Eric Kozlowsky, former senior environment artist at Armature Studio, recalls a similar tradition when working on Resident Evil 4 VR. “I get motion sickness pretty easily in real life, let alone in VR, so working with in-development software was challenging,” he says. “I did get nauseous, but that was mitigated by limited time spent in the headset and using homeopathic remedies. So if I ever got motion sick, ginger candy would help a bit.”
Even though testers usually spend the most time using headsets, the job leads them to find creative workarounds in their routines. Archie Crampton, lead QA technician at Universally Speaking and gingernut biscuit advocator, finds changing his height in-game from two to 15 feet tall, as hilarious as it is, helpful. In addition, he says most people in the studio test Beat Saber seated. As theyʼve gotten quite good at it, theyʼre able to complete levels with less movement than youʼd expect.
Hopkins says there have been many random helpful items in the Owlchemy office. This includes Bob, a mannequin head attached to the top of a camera tripod. Instead of pushing a real person in a chair, the team would put the headset on Bob and rotate it around to get different shots of a scene. “You have to be open-minded to things like that if youʼre gonna figure out solutions,” Borland adds.
Alongside sheer creativity, almost everyone I spoke to shares excitement about VRʼs future. Sure, new technologies also bring new processes – Owlchemy, in particular, found not everybody waves equally while testing hand-tracking – but also keep QA fresh.
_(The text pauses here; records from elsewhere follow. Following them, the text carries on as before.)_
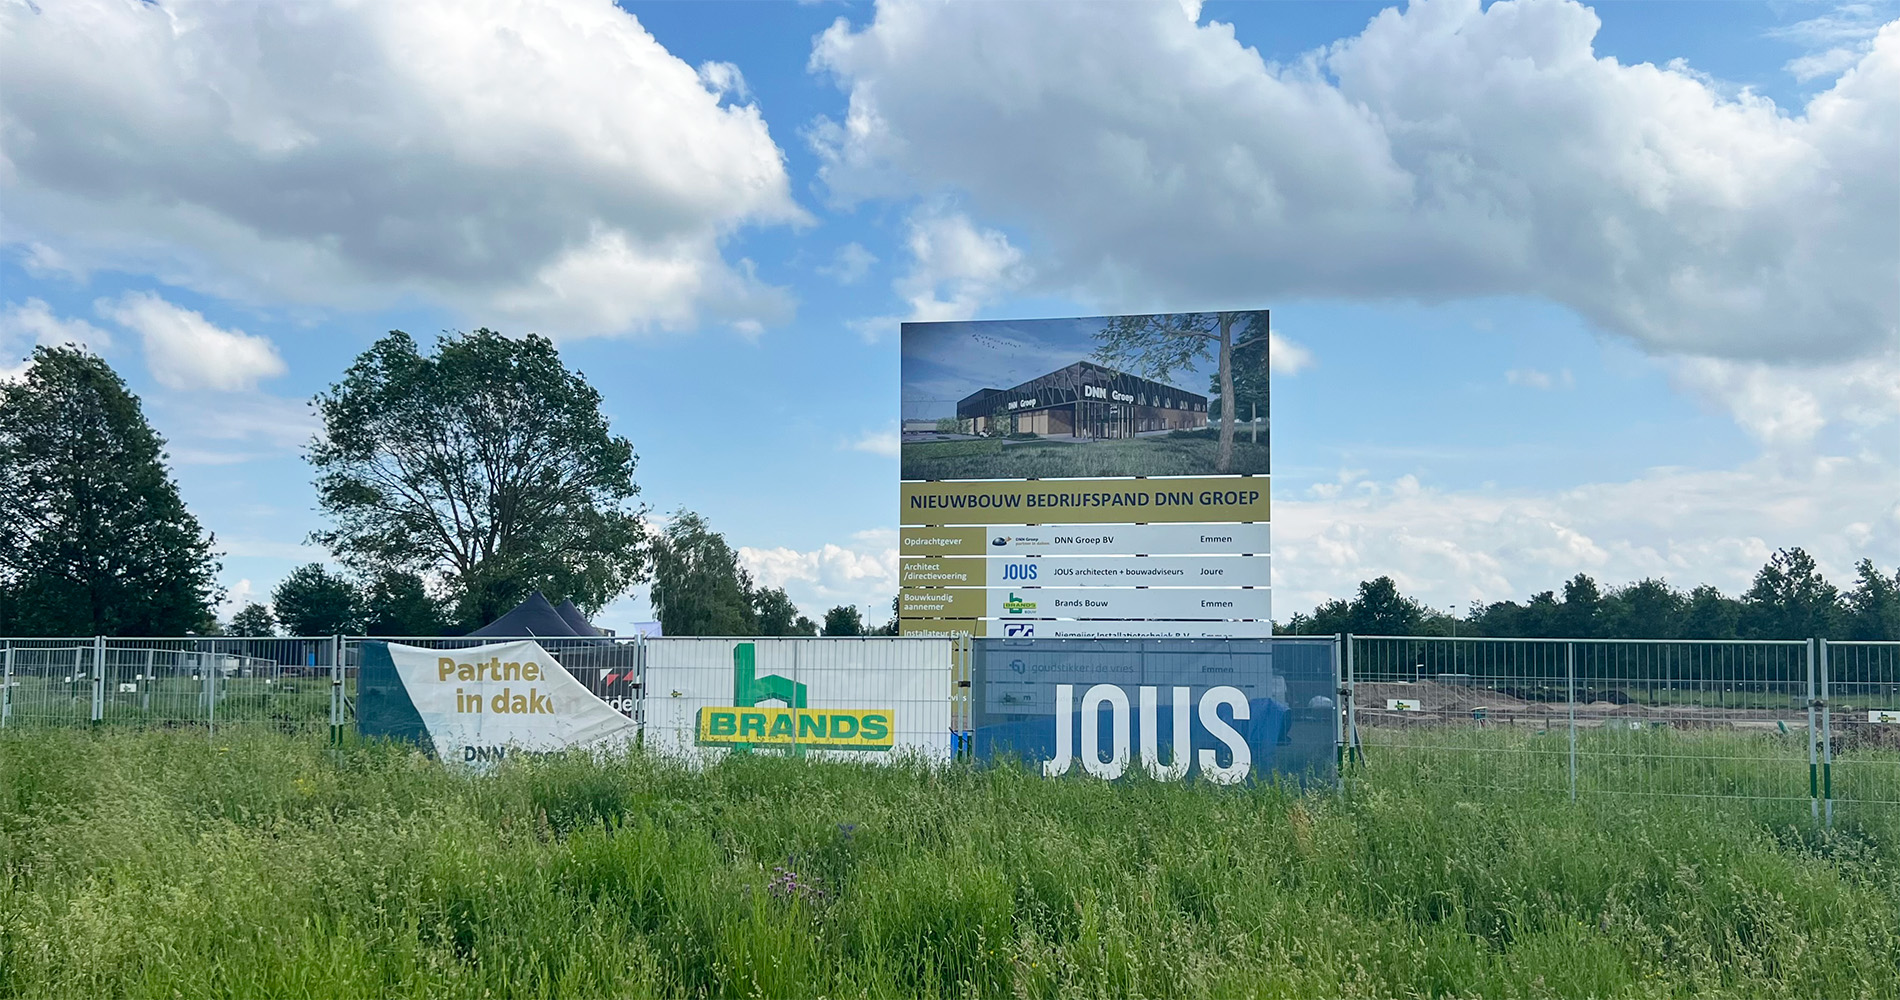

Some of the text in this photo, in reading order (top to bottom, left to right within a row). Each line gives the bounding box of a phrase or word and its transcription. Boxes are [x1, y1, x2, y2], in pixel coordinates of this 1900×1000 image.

[1084, 385, 1134, 404] DNN Groep
[1020, 398, 1037, 408] Groep
[910, 491, 1259, 509] NIEUWBOUW BEDRIJFSPAND DNN GROEP
[904, 537, 962, 546] Opdrachtgever
[1054, 536, 1114, 545] DNN Groep BV
[1200, 535, 1232, 543] Emmen
[904, 563, 940, 571] Architect
[1200, 567, 1223, 576] Joure
[904, 572, 967, 581] /directievoering
[1003, 564, 1037, 580] JOUS
[1054, 568, 1074, 576] JOUS
[1075, 568, 1118, 576] architecten
[904, 593, 954, 602] Bouwkundig
[1055, 599, 1109, 608] Brands Bouw
[1201, 600, 1233, 608] Emmen
[904, 629, 949, 637] Installateur
[1201, 665, 1234, 674] Emmen
[456, 688, 482, 713] in
[709, 712, 889, 740] BRANDS
[1043, 683, 1251, 786] JOUS
[464, 745, 505, 763] DNN
Next time you play a VR game with comfortable controls and a lack of visual glitches, you can thank the testers. After all, theyʼre the ones who crouched, waved, mixed, and climbed a skyscraper dozens of times to ensure the best result. “Towards the end of Cosmonious High, developers would come to me as an expert on the game cause I spent so much time in there,” Fly says. “It makes me feel really good that they recognize that QA is extremely important and knowledgeable.”